__Task details__: The data must be reproduced verbatim; images are to be omitted.

__Input records__:
= = = = = = =

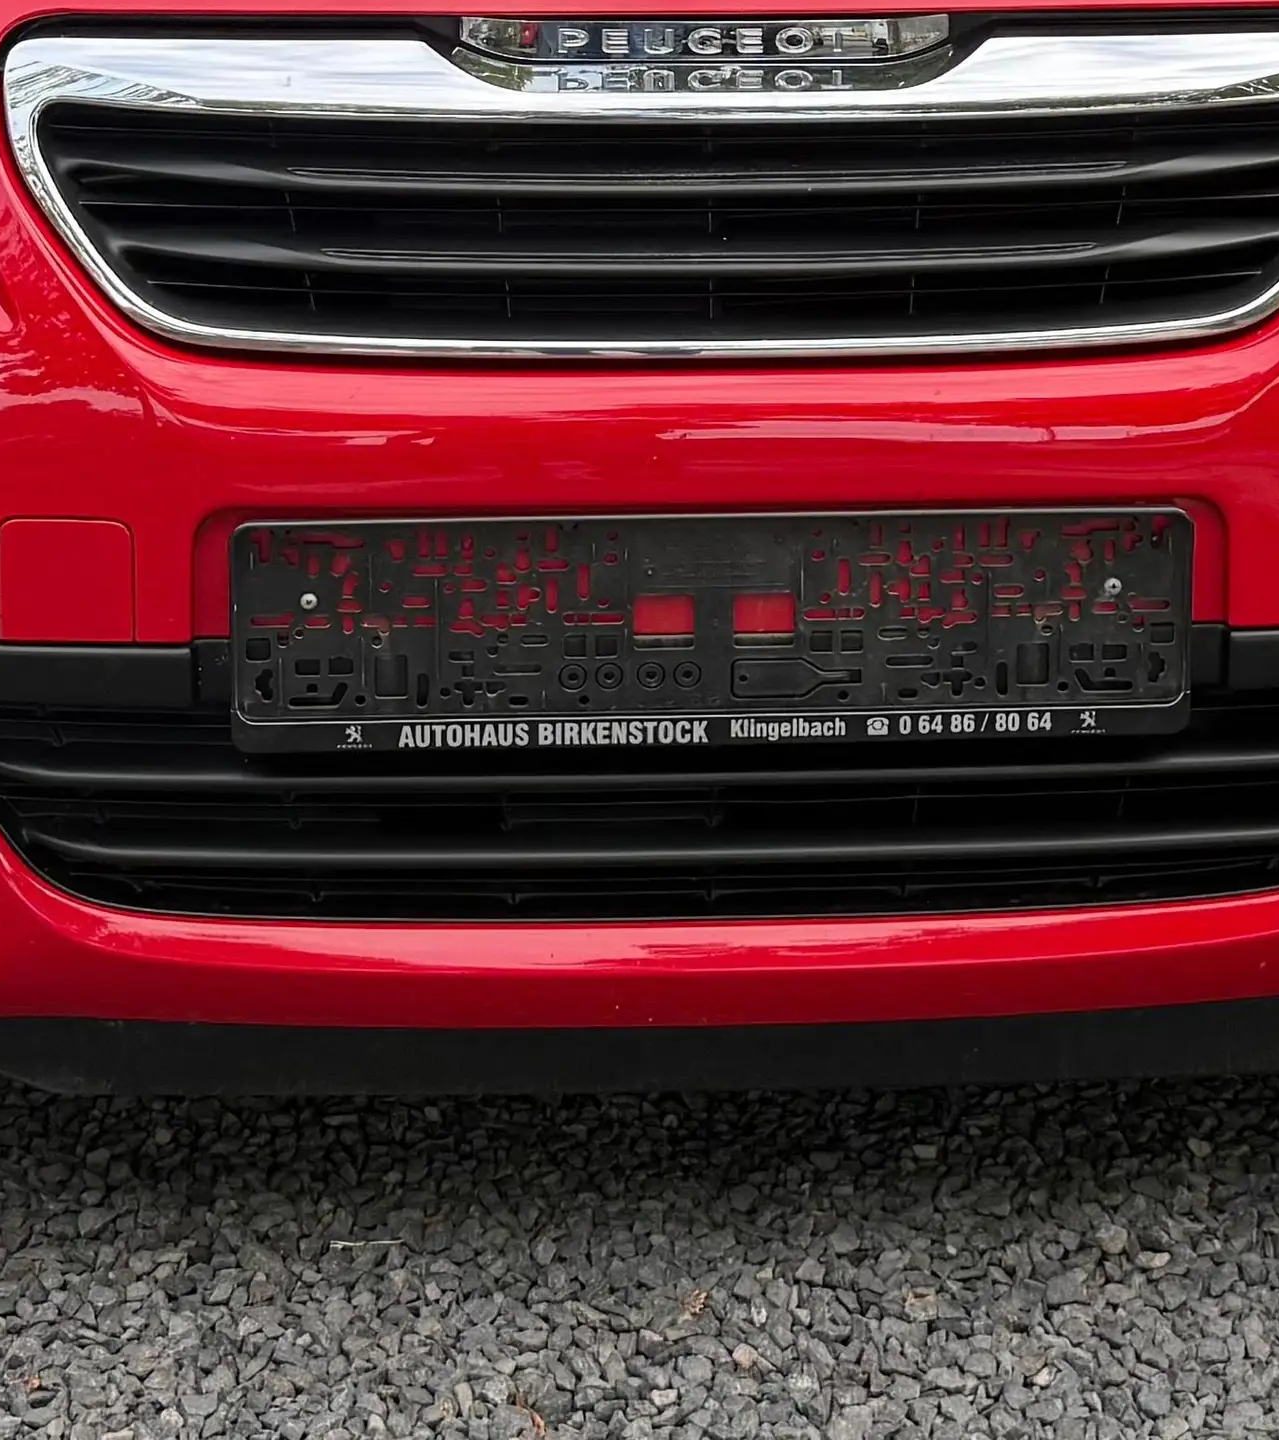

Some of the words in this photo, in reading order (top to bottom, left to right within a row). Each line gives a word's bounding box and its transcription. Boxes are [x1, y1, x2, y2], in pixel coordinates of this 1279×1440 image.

[557, 27, 853, 55] PEUGEOT
[398, 723, 530, 748] AUTOHAUS
[538, 720, 709, 745] BIRKENSTOCK
[730, 717, 846, 741] Klingelbach
[899, 715, 911, 734] 0
[918, 714, 943, 734] 64
[950, 714, 975, 733] 86
[995, 712, 1020, 732] 80
[1027, 712, 1052, 731] 64
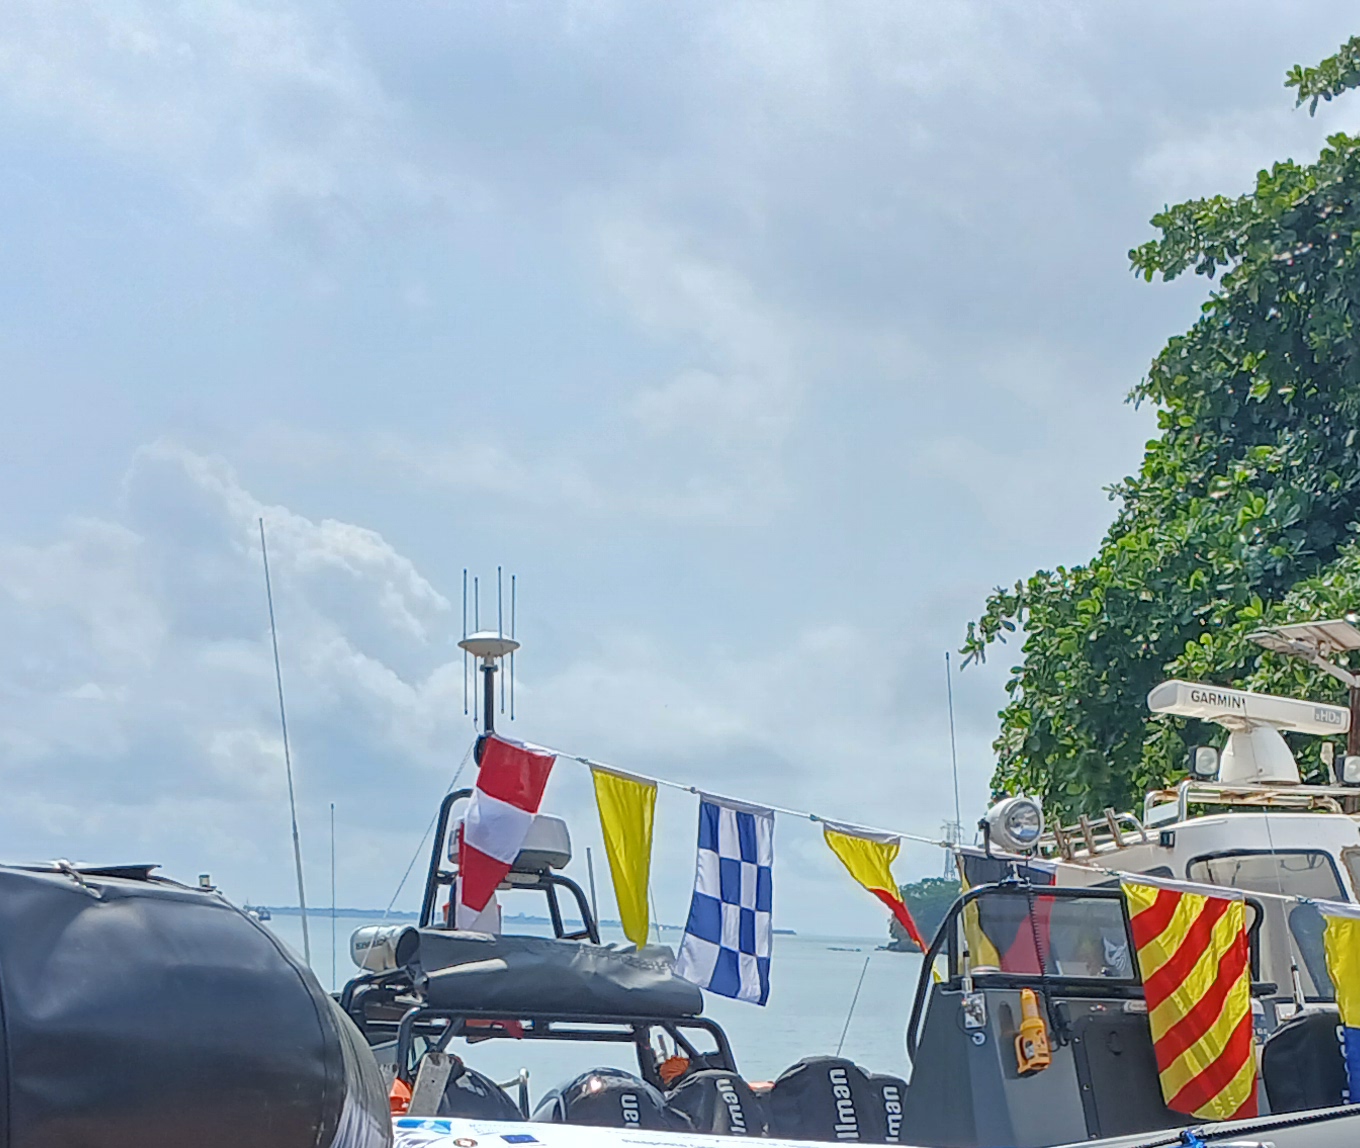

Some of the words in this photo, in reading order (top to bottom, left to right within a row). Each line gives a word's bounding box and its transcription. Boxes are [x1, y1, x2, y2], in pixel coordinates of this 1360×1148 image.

[1191, 689, 1241, 709] GARMIN
[715, 1078, 747, 1134] lman
[829, 1068, 860, 1141] llman
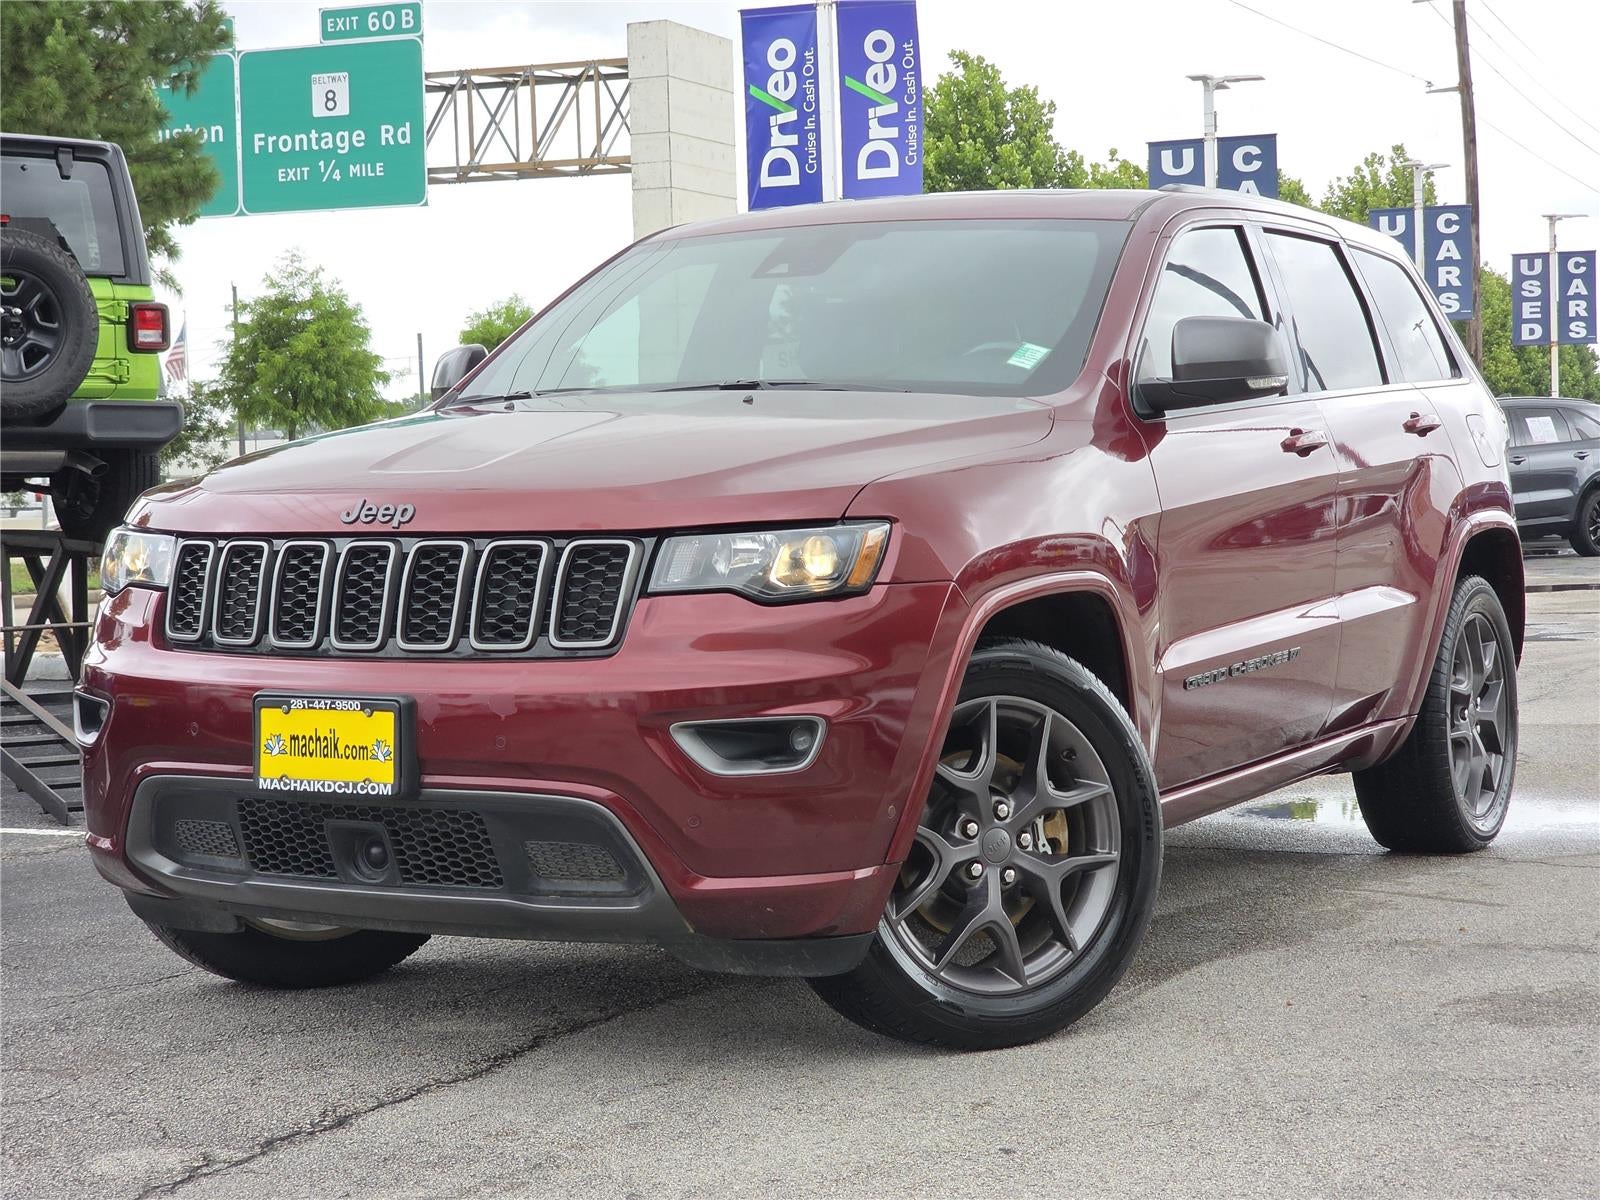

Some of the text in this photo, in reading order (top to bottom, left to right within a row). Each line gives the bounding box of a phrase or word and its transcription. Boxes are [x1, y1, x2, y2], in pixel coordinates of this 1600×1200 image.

[327, 16, 359, 32] EXIT
[312, 75, 348, 85] BELTWAY
[324, 89, 337, 112] 8
[802, 47, 817, 174] Cruise In. Cash Out.
[902, 39, 917, 166] Cruise In. Cash Out.
[253, 122, 411, 154] Frontage Rd
[278, 167, 310, 182] EXIT
[349, 163, 384, 178] MILE
[1435, 213, 1462, 314] CARS
[1520, 258, 1543, 341] USED
[1566, 256, 1589, 339] CARS
[340, 498, 416, 529] Jeep
[290, 699, 361, 711] 281-447-9500
[289, 728, 369, 761] machaik.com
[258, 778, 392, 795] MACHAIKDCJ.COM

= = = = = = =

__Result of the task__:
Some of the words in this photo, in reading order (top to bottom, left to right within a row). Each line gives a word's bounding box and its transcription. Boxes are [x1, y1, x2, y2], in pixel coordinates of this 1279×1440 image.

[557, 27, 853, 55] PEUGEOT
[398, 723, 530, 748] AUTOHAUS
[538, 720, 709, 745] BIRKENSTOCK
[730, 717, 846, 741] Klingelbach
[899, 715, 911, 734] 0
[918, 714, 943, 734] 64
[950, 714, 975, 733] 86
[995, 712, 1020, 732] 80
[1027, 712, 1052, 731] 64

Some of the words in this photo, in reading order (top to bottom, left to right within a row). Each line gives a word's bounding box and its transcription. Boxes are [x1, y1, x2, y2], in pixel coordinates of this 1360×1148 image.

[1191, 689, 1241, 709] GARMIN
[715, 1078, 747, 1134] lman
[829, 1068, 860, 1141] llman

Some of the text in this photo, in reading order (top to bottom, left to right within a row). Each line gives the bounding box of a phrase or word and its transcription. Boxes are [x1, y1, x2, y2], in pixel coordinates of this 1600×1200 image.

[327, 16, 359, 32] EXIT
[312, 75, 348, 85] BELTWAY
[324, 89, 337, 112] 8
[802, 47, 817, 174] Cruise In. Cash Out.
[902, 39, 917, 166] Cruise In. Cash Out.
[253, 122, 411, 154] Frontage Rd
[278, 167, 310, 182] EXIT
[349, 163, 384, 178] MILE
[1435, 213, 1462, 314] CARS
[1520, 258, 1543, 341] USED
[1566, 256, 1589, 339] CARS
[340, 498, 416, 529] Jeep
[290, 699, 361, 711] 281-447-9500
[289, 728, 369, 761] machaik.com
[258, 778, 392, 795] MACHAIKDCJ.COM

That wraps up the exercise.